Greencore, the Irish-headquartered food-to-go business, has reported third-quarter revenues of £636.5m (€714m) for the 13 weeks to the end of June, which reflects a 12% increase on a like-for-like basis.

Sales in the group’s UK and Ireland division stood at just under £371m (€417m) for the period, which is a increase of 15% on a like-for-like basis.

Greencore said this increase was driven by its food-to-go business, which benefitted from winning larger supply contracts with several of the group’s largest customers. Food-to-go sales account for over 60% of UK and Ireland divisional revenue.

Greencore said it also acquired a sandwich-manufacturing facility near Heathrow at the end of June, which will add to manufacturing capacity.

In the US, Greencore said the integration of the Peacock Foods business remains on track with a pipeline of new sales contracts being explored.
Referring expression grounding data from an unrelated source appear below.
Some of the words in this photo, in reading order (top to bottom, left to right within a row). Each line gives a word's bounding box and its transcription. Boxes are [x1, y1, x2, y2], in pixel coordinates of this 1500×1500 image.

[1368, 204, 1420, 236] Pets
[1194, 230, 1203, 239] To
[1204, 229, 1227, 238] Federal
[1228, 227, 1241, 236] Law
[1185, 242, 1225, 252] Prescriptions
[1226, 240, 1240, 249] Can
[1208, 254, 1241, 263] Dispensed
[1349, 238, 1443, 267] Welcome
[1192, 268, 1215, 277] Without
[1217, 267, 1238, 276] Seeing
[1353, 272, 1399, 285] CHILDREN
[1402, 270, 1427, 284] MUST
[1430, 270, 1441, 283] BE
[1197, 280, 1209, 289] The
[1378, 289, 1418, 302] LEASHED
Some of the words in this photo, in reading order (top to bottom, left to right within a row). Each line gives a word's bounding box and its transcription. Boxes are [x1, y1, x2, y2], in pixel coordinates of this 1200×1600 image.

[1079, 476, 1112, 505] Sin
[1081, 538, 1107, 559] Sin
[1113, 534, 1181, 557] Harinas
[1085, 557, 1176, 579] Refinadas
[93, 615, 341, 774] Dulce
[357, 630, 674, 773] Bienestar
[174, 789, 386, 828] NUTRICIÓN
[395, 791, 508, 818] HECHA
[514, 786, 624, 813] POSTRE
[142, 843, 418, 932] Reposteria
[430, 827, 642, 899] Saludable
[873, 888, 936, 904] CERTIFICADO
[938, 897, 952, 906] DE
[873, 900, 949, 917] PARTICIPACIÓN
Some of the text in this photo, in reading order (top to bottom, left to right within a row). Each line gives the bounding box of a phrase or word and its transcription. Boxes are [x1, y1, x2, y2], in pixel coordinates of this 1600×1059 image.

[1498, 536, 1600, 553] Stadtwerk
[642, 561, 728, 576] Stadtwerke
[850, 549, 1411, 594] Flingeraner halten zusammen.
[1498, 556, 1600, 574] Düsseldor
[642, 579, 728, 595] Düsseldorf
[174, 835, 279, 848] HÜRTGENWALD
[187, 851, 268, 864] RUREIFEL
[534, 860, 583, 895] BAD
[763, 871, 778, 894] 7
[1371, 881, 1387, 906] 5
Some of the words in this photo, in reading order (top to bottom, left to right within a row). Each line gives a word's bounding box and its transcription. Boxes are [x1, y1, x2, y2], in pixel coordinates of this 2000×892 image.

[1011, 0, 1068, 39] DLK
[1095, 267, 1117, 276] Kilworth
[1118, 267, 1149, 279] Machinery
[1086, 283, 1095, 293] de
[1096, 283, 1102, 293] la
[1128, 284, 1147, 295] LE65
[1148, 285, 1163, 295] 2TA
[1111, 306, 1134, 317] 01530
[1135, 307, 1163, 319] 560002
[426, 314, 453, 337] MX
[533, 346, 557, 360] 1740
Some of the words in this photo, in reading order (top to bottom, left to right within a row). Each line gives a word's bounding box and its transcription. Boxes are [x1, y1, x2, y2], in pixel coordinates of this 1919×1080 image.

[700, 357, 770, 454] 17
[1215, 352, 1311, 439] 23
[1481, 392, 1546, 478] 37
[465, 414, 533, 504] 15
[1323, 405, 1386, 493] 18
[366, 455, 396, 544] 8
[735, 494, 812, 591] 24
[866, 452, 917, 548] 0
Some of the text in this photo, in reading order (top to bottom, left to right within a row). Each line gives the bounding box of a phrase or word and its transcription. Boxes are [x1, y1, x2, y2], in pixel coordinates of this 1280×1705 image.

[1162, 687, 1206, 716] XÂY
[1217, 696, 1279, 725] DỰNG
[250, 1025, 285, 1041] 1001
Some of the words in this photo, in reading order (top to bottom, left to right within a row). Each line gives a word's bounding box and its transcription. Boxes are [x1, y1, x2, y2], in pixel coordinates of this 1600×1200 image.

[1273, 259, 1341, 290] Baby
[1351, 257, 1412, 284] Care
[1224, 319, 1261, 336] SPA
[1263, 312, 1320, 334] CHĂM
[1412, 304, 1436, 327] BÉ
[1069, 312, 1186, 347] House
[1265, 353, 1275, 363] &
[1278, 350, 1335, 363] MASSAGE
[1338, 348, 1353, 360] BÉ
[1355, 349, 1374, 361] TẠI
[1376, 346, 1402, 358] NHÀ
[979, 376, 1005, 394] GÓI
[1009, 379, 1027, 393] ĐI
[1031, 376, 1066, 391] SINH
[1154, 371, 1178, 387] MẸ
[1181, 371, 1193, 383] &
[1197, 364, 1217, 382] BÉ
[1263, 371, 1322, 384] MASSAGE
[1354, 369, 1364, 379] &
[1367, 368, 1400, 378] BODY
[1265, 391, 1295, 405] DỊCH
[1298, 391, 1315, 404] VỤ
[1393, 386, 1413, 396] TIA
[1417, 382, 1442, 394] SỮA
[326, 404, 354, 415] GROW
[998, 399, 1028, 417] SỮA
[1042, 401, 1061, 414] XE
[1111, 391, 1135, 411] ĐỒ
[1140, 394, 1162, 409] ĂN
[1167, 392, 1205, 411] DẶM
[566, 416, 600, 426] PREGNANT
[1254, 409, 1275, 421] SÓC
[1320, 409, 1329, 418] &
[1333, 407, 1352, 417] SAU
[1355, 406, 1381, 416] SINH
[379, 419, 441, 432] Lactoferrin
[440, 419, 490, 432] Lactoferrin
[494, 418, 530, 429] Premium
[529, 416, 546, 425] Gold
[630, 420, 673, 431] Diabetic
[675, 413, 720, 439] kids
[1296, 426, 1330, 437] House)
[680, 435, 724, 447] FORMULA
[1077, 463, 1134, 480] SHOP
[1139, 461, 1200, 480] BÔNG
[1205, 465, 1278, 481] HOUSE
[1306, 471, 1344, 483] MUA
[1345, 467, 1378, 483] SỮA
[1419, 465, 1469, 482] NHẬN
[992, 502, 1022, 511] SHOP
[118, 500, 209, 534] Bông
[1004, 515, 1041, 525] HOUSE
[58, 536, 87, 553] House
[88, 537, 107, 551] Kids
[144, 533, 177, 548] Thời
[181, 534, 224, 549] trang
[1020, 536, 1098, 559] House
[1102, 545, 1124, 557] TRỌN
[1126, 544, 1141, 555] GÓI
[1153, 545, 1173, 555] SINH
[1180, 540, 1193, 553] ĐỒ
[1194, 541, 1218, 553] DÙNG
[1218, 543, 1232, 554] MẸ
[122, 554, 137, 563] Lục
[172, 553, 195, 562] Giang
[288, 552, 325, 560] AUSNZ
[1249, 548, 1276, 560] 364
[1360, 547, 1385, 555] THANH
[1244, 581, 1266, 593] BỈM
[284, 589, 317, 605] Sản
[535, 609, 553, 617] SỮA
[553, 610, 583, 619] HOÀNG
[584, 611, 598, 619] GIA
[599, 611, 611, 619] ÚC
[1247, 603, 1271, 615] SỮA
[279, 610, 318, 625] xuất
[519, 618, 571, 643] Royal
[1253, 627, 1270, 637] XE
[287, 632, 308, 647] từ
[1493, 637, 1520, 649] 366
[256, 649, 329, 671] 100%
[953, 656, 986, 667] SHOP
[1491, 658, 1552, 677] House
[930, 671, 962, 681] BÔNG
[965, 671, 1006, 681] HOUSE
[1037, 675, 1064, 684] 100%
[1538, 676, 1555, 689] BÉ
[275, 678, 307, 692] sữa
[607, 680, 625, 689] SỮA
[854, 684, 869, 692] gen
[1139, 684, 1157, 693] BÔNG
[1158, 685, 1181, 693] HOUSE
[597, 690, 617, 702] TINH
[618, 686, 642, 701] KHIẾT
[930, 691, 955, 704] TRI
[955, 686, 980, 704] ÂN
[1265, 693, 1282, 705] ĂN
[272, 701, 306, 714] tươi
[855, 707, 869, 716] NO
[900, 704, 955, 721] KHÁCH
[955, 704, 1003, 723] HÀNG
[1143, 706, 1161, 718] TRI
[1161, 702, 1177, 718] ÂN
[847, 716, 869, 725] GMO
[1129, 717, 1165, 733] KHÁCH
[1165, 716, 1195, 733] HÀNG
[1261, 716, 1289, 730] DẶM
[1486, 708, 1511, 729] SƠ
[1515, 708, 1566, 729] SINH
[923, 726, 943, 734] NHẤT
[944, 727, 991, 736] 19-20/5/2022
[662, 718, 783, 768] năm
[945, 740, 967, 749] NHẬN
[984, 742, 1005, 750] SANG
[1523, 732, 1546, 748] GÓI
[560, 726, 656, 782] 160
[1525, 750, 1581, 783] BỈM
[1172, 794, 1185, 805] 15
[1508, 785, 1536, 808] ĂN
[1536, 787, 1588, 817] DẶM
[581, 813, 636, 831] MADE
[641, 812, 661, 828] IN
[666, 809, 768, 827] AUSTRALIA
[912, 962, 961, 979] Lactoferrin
Greencore’s US division reported revenues of £269m (€301m) for the third quarter, a 7% increase on a like-for-like basis.

Sales from the business formally known as Peacock Foods increased almost 5% in the quarter. More importantly from Greencore’s perspective is the 8% increase in sales volumes from the Peacock business, which was driven by the capacity expansion of its meal kit manufacturing facility in Illinois.

In its outlook for the remainder of the year, Greencore said the fourth quarter of the financial year is the most seasonally important period for both its US and UK businesses. Despite challenging trading conditions in certain parts of its UK business, Greencore expects its performance for its 2017 financial year to be in line with market expectations.